Las indagaciones de los investigadores y el informe pericial de Policía Científica ya desmentían los hechos denunciados; por lo que las sospechas se centraron desde un primer momento en la denunciante.

La detenida relataba en la denuncia interpuesta en el pasado mes de octubre, que había recibido una llamada con número oculto en la que le comentaban que una de las oficinas de su agencia se encontraba abierta.

Según la arrestada, se personó en la mencionada oficina y comprobó que le habían sustraído varios ordenadores, así como el dinero en efectivo. Señaló que los bombines de la cerradura de entrada habían sido forzados. Y que el dinero en efectivo se encontraba en el interior de una caja que estaba dentro de un armario. Además de estas afirmaciones, la arrestada facilitó a los investigadores imágenes de cómo se había encontrado la oficina.

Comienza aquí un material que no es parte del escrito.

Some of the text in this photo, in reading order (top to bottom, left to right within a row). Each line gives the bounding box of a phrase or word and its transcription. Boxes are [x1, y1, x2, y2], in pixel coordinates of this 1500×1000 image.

Facilitar el acceso a sus clientes

Cuando los investigadores, junto a Policía Científica se desplazaron hasta el lugar de los hechos se encontraron que toda la oficina estaba en perfecto estado. Al preguntarle sobre el motivo de que tal orden no se correspondía con las imágenes aportadas, la arrestada les manifestó que ignoraba que no podía tocar ni limpiar nada. Y que lo hizo para facilitar el acceso a sus clientes.

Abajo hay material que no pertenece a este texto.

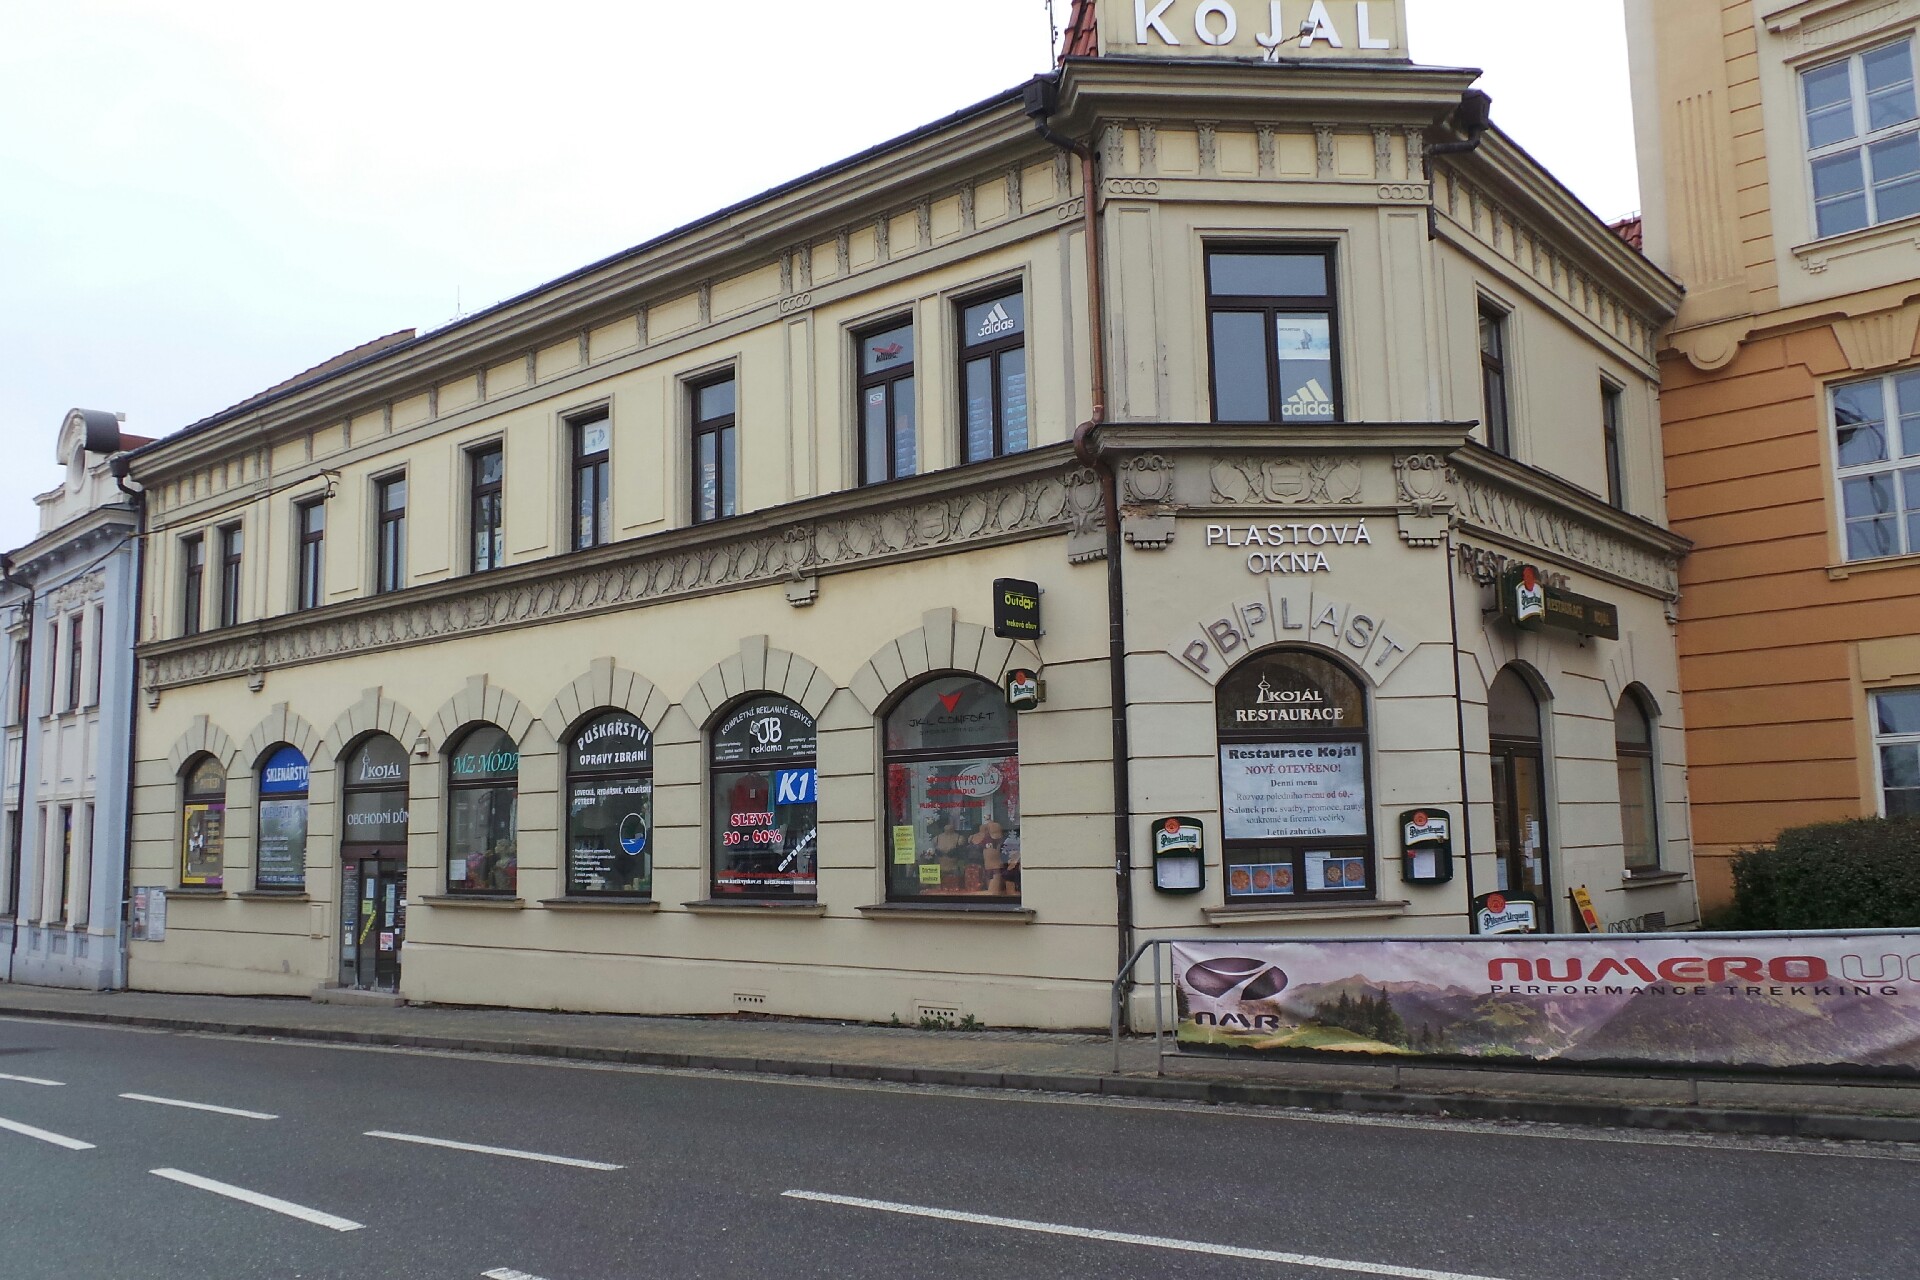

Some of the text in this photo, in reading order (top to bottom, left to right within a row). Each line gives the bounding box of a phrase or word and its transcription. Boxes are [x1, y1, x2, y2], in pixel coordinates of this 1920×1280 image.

La denunciante informó también a los agentes de que tenía contratado un seguro con una entidad bancaria que se haría cargo de los daños ocasionados.

Finalmente, acabó reconociendo que no había sido víctima de ningún robo con fuerza. Y que realmente lo que sucedió es que le habían sustraído unos 2.000 euros; no así los ordenadores que había denunciado. Y que los daños en las cerraduras de la puerta de entrada fueron causados por un herrero al que contrató para que abriera la puerta con la excusa de que se le habían perdido las llaves.

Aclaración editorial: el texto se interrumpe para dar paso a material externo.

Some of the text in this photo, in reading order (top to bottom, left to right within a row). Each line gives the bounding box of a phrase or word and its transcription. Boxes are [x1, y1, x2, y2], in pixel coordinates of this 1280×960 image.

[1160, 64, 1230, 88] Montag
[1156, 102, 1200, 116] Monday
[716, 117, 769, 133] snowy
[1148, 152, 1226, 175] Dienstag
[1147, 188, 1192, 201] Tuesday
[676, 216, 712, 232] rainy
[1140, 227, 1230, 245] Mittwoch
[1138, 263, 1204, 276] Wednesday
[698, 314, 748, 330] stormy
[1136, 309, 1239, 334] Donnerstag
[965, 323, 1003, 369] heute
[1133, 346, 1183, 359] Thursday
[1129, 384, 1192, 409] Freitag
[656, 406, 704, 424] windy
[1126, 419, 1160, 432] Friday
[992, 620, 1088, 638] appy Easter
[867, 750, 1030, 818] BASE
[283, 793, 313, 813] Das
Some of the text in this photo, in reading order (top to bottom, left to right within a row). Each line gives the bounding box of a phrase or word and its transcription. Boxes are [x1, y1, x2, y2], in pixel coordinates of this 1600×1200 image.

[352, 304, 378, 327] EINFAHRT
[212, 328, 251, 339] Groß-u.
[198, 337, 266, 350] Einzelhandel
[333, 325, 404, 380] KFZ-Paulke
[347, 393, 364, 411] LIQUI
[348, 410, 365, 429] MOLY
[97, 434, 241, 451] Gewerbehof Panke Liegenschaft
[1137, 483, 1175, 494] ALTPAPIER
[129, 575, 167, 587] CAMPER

Asimismo, señaló que había sido asesorada y aconsejada por un empleado de la entidad bancaria. En ella había contratado un seguro con el fin de cubrir los 2.000 euros sustraídos.

La arrestada fue puesta a disposición de la autoridad judicial acusada de un delito de denuncia falsa; al tiempo que desde la Policía Nacional se aportaron a la causa los gastos derivados de la investigación. Ya que ello supuso el empleo de recursos humanos, técnicos y materiales.